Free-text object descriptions
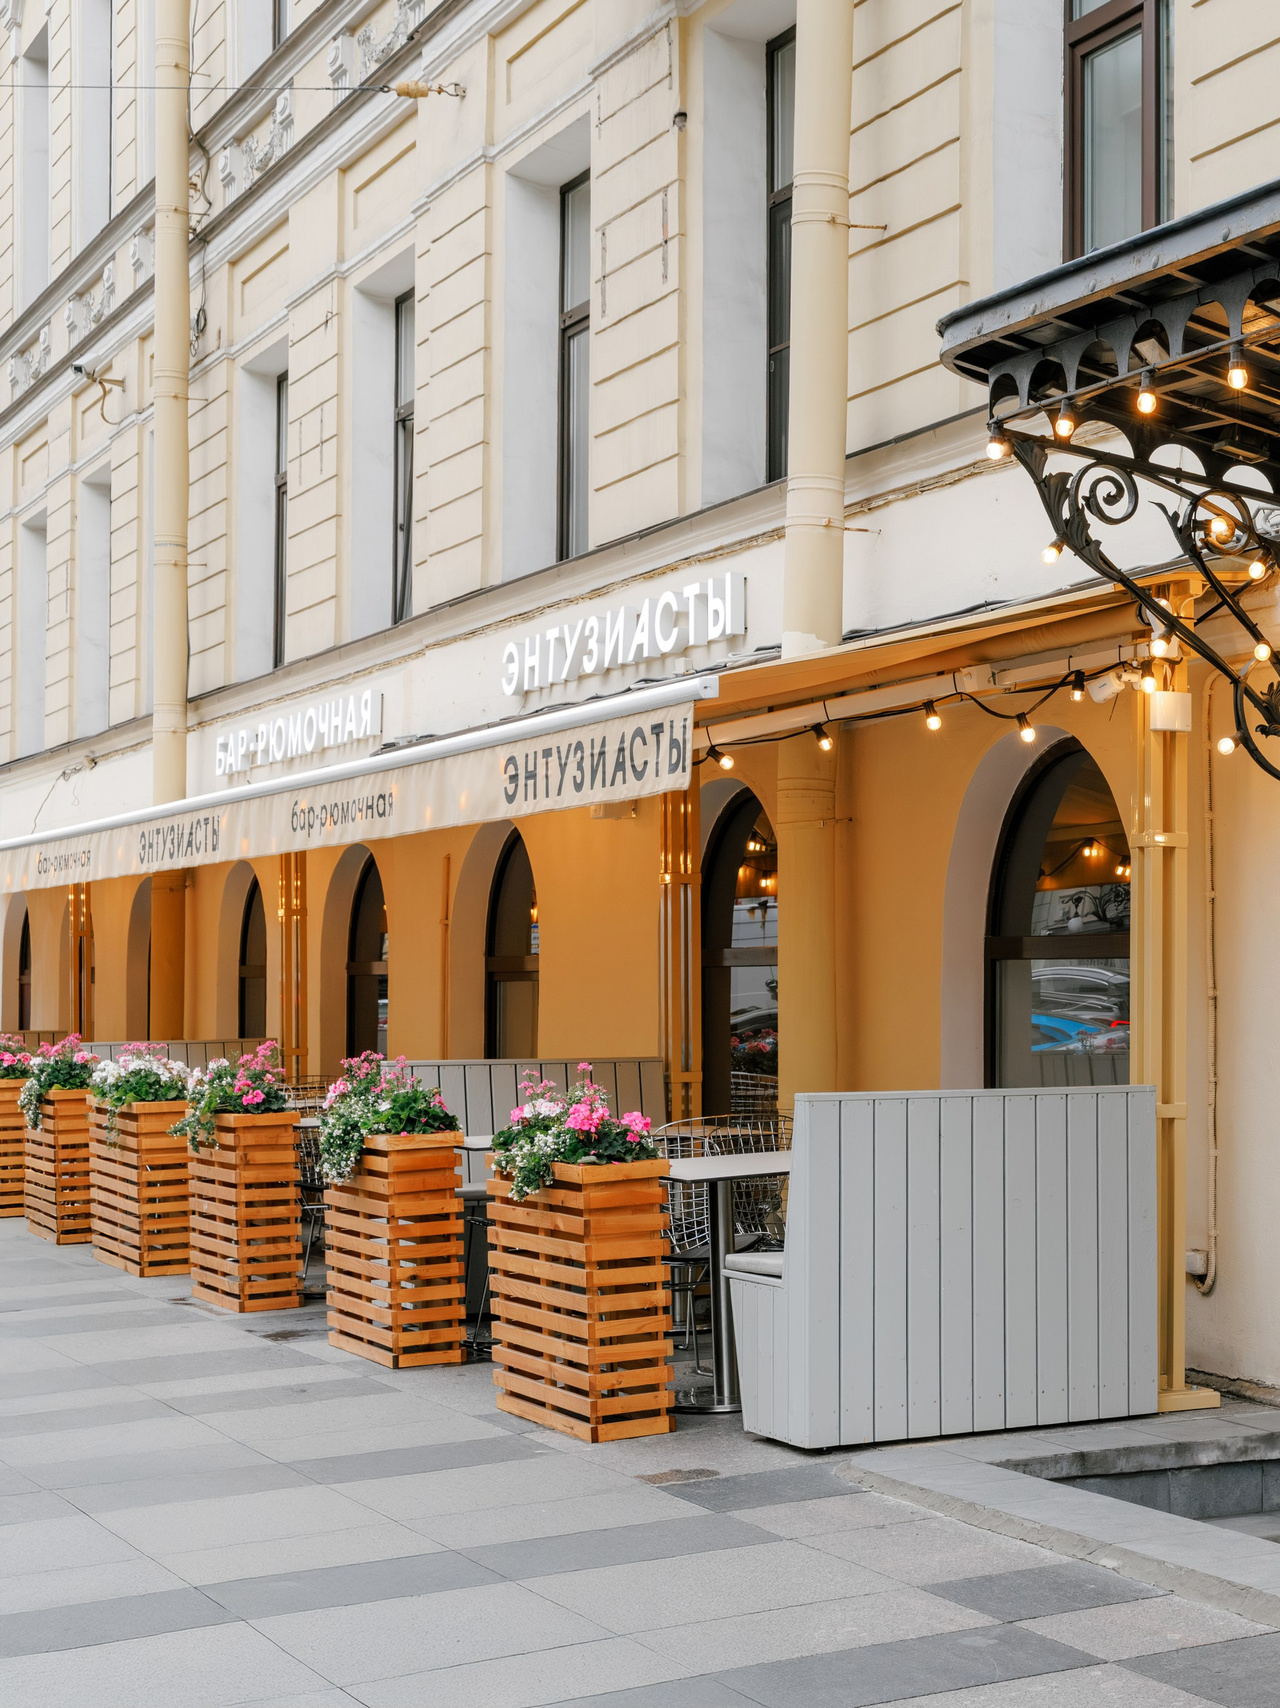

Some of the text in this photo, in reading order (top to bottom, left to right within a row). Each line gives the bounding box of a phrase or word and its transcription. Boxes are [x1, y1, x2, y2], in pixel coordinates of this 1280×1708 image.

[501, 571, 740, 696] ЭНТУЗИАСТЫ
[215, 689, 374, 776] БАР-РЮМОЧНАЯ
[503, 717, 688, 805] ЭНТУЗИАСТЫ
[138, 814, 220, 865] ЭНТУЗИАСТЫ
[290, 791, 394, 838] бар-рюмочная

### ASSIGNMENT
Output every entry exactly as given; pictures are not part of the copy.

### YOUR SOLUTION
Some of the text in this photo, in reading order (top to bottom, left to right within a row). Each line gives the bounding box of a phrase or word and its transcription. Boxes are [x1, y1, x2, y2], in pixel coordinates of this 1280×1708 image.

[501, 571, 740, 696] ЭНТУЗИАСТЫ
[215, 689, 374, 776] БАР-РЮМОЧНАЯ
[503, 717, 688, 805] ЭНТУЗИАСТЫ
[138, 814, 220, 865] ЭНТУЗИАСТЫ
[290, 791, 394, 838] бар-рюмочная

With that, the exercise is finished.